Benjamin Mathes built this stone home around 1835 for his family, of the same stone he used to build a store across the street. The Federal/Greek Revival building has amazing granite quoins (stone blocks at the corners) and lintels (blocks above the windows). Even though there are later alterations, including the bracketed door hood and massive central dormer at the roof, the home remains one of the most visually stunning buildings in town.
Originally an old tavern/inn, this wood-frame building in Newmarket, NH, was built for a member of the Rundlett Family who settled in town from nearby Portsmouth. The old building was known as Rundlett’s Tavern for a number of years, later renamed the Washington House, and eventually Silver’s Hotel by 1870. Under owner Joseph B. Silver, the Federal style building was updated with Victorian-era flair, marketing to visitors of town who had business with the Newmarket Manufacturing Company across the street. After Silver died in 1898, the building was purchased by George H. Willey and renamed the Willey Hotel/Willey House. He oversaw renovations in the 1920s to give it the Colonial Revival appearance we see today. The building is now apartments.

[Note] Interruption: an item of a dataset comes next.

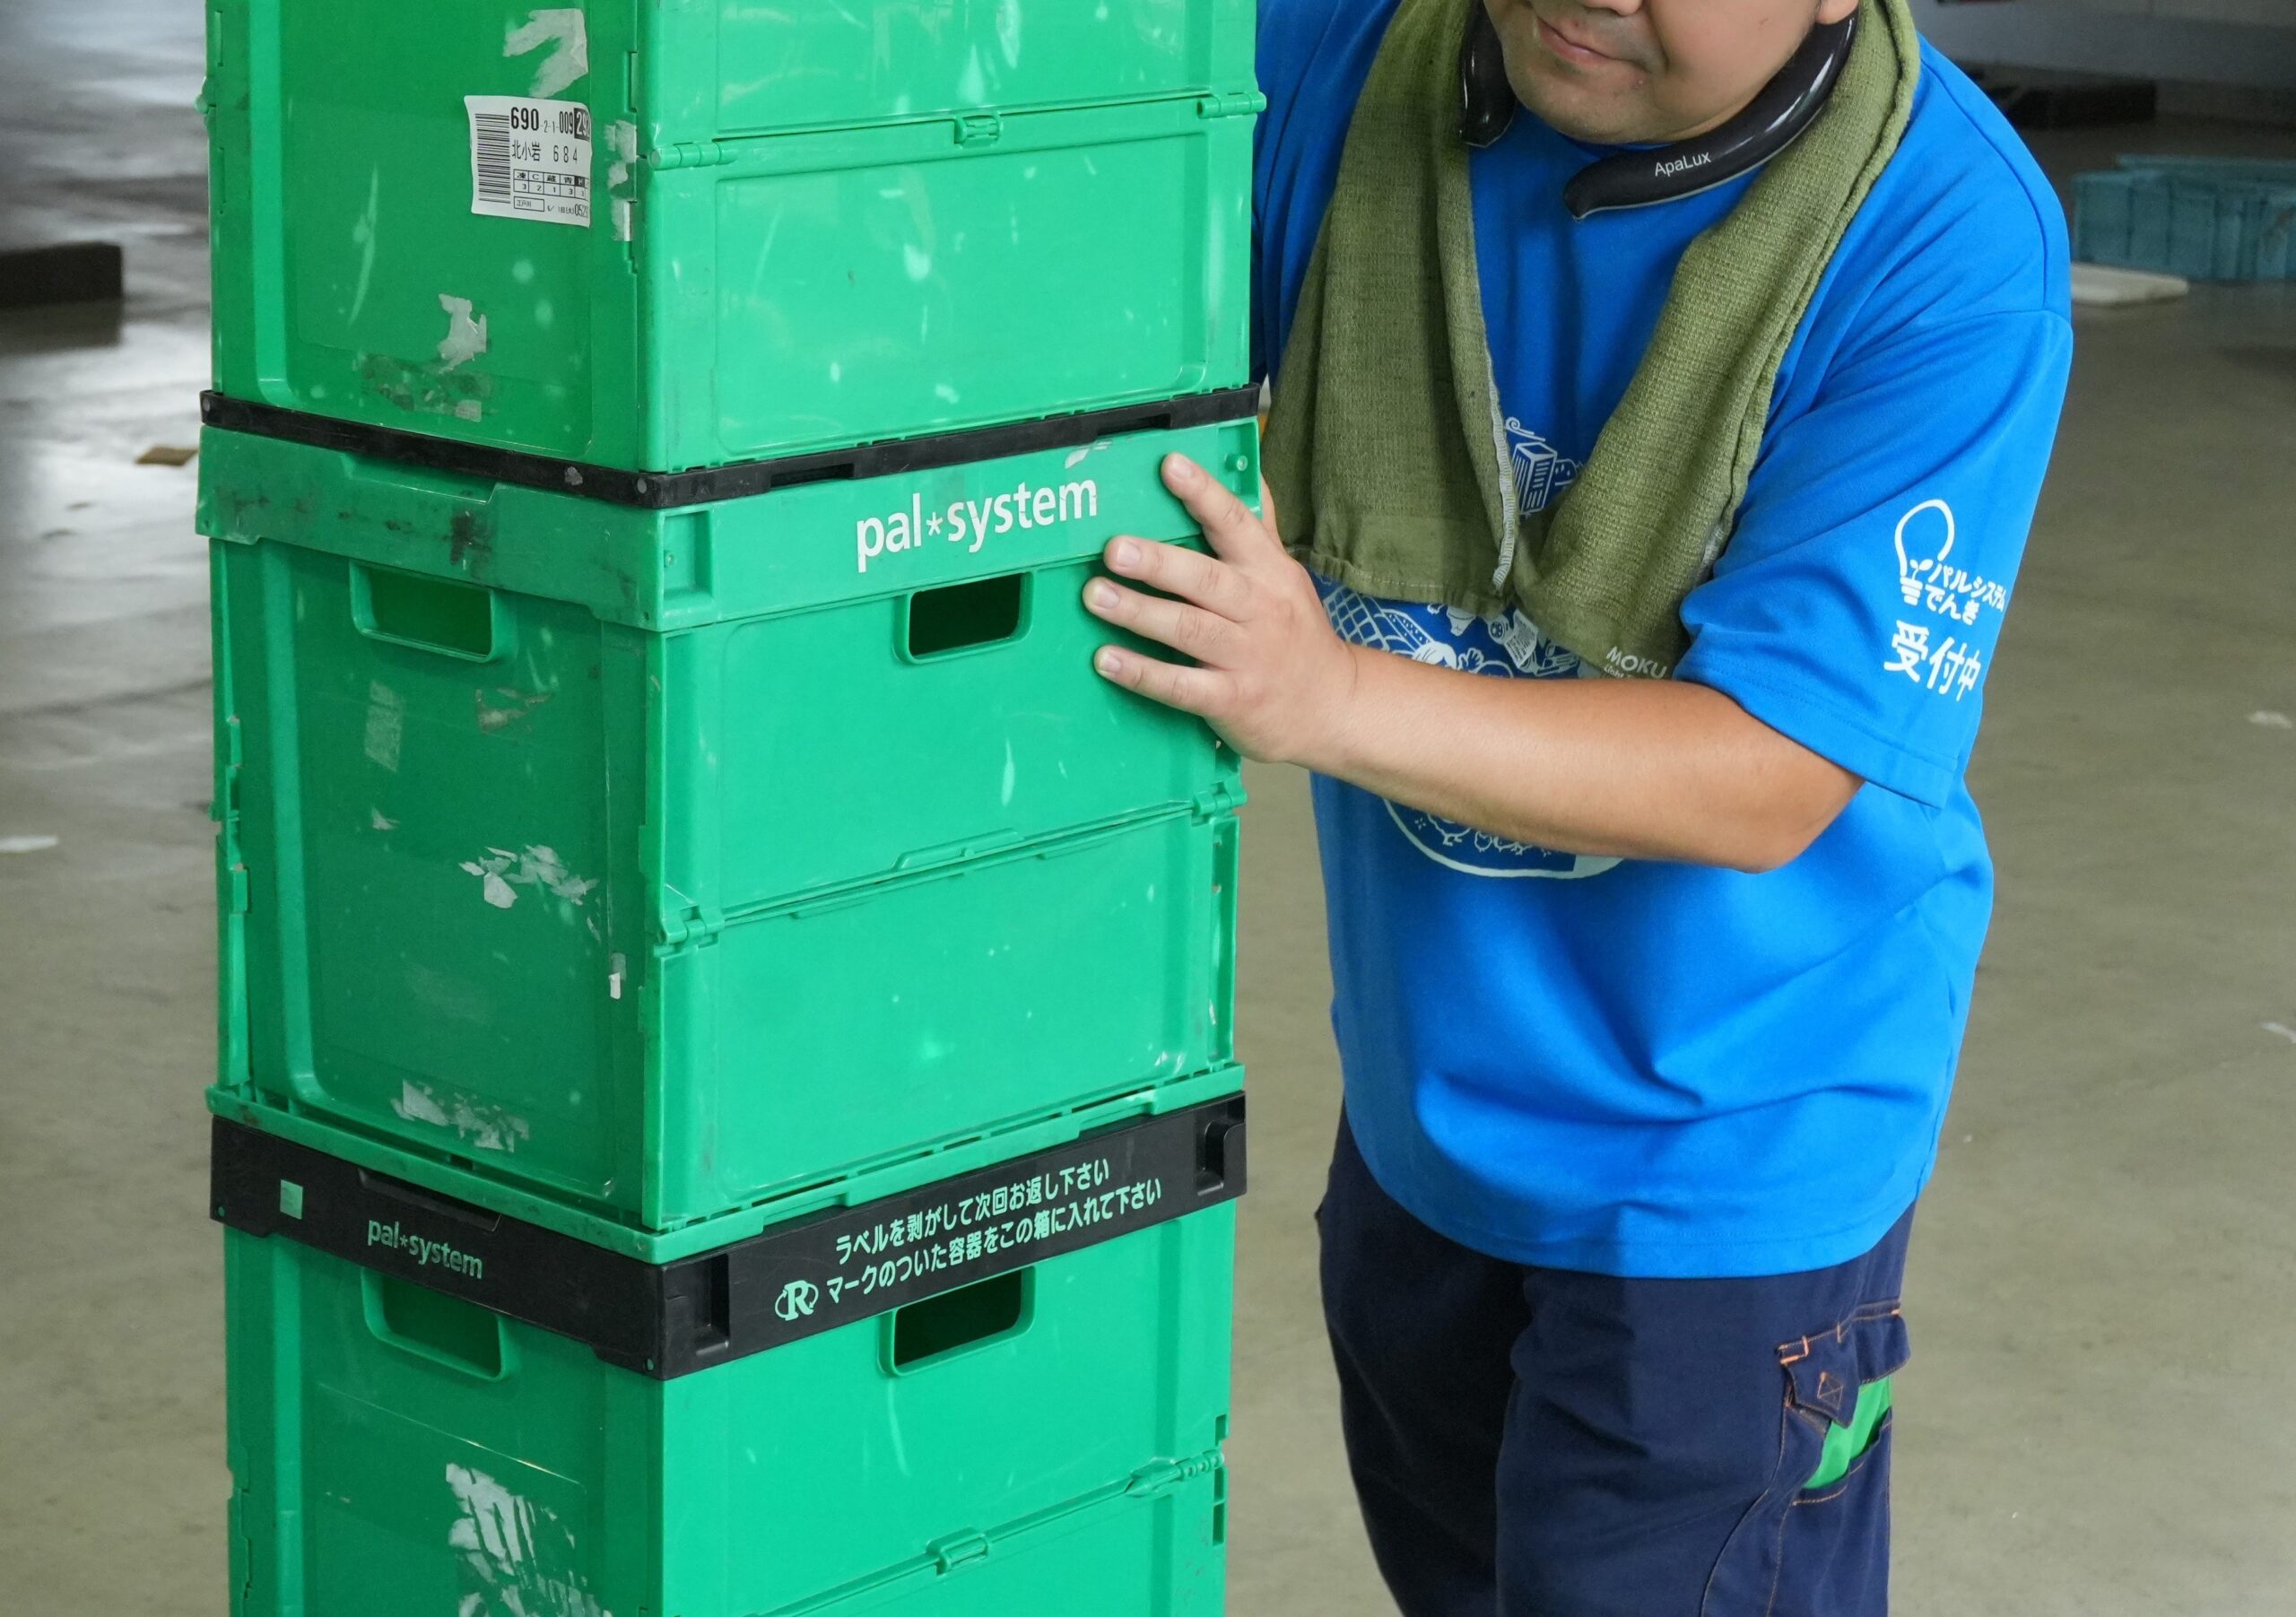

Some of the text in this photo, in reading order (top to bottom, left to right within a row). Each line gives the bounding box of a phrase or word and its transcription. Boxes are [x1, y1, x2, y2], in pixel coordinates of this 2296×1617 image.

In 1823, the Newmarket Manufacturing Company built its first mill along the Lamprey River, dominating the waterfront and the economy of Newmarket, New Hampshire. Harnessing water power at the base of the falls, the cotton textile manufacturing community grew to include seven textile mills, with factory buildings, a machine shop, office, storage buildings, and corporate boarding houses; totaling some 140 buildings in all. During its peak production, 700 employees made up to 300,000 yards of cotton products each week, and 2.7 million yards of silk cloth each year. The mills operated continuously at this site until 1929 when a dispute between mill owners and workers erupted leading to their closure. Between 2010 and 2012, eight large mill buildings within the Newmarket Manufacturing Company property underwent a conversion to mixed use, including residential, retail, and office units, thanks to Historic Preservation Tax Credits, and many professionals who worked together with the vision to see such a large project through. Today, the complex is a excellent case-study on the power of adaptive reuse and historic preservation.
Arguably the cutest little store in Newmarket is the Murray Store, right on the town’s vibrant Main Street. The brick building is one of the earliest such structures on the street and is a great example of a narrow Federal style building with a lunette in the gable end. The structure was built before 1830 and was occupied by a Ms. Charlotte Murray as a millinery (women’s hat store). Main Street USA! What is your favorite Main Street in New England?
On Doe’s Neck (now Moody Point) in Newmarket, NH, a peninsula at the terminus of the Lamprey River where it meets the Great Bay, has long been a highly desired and contested piece of land. Towards the end of the 17th century, the land here was owned by the Doe Family, who built a Garrison House here. The house was used as a defensive structure to protect those living nearby from Native American attack. The Doe family resided here until after the Revolutionary War. The saltbox building was later altered with full-length porches by later owners, to take advantage of water views. By the Great Depression, the garrison house was suffering from severe neglect, but before it was demolished, it was documented as part of the Historic American Buildings Survey (HABS).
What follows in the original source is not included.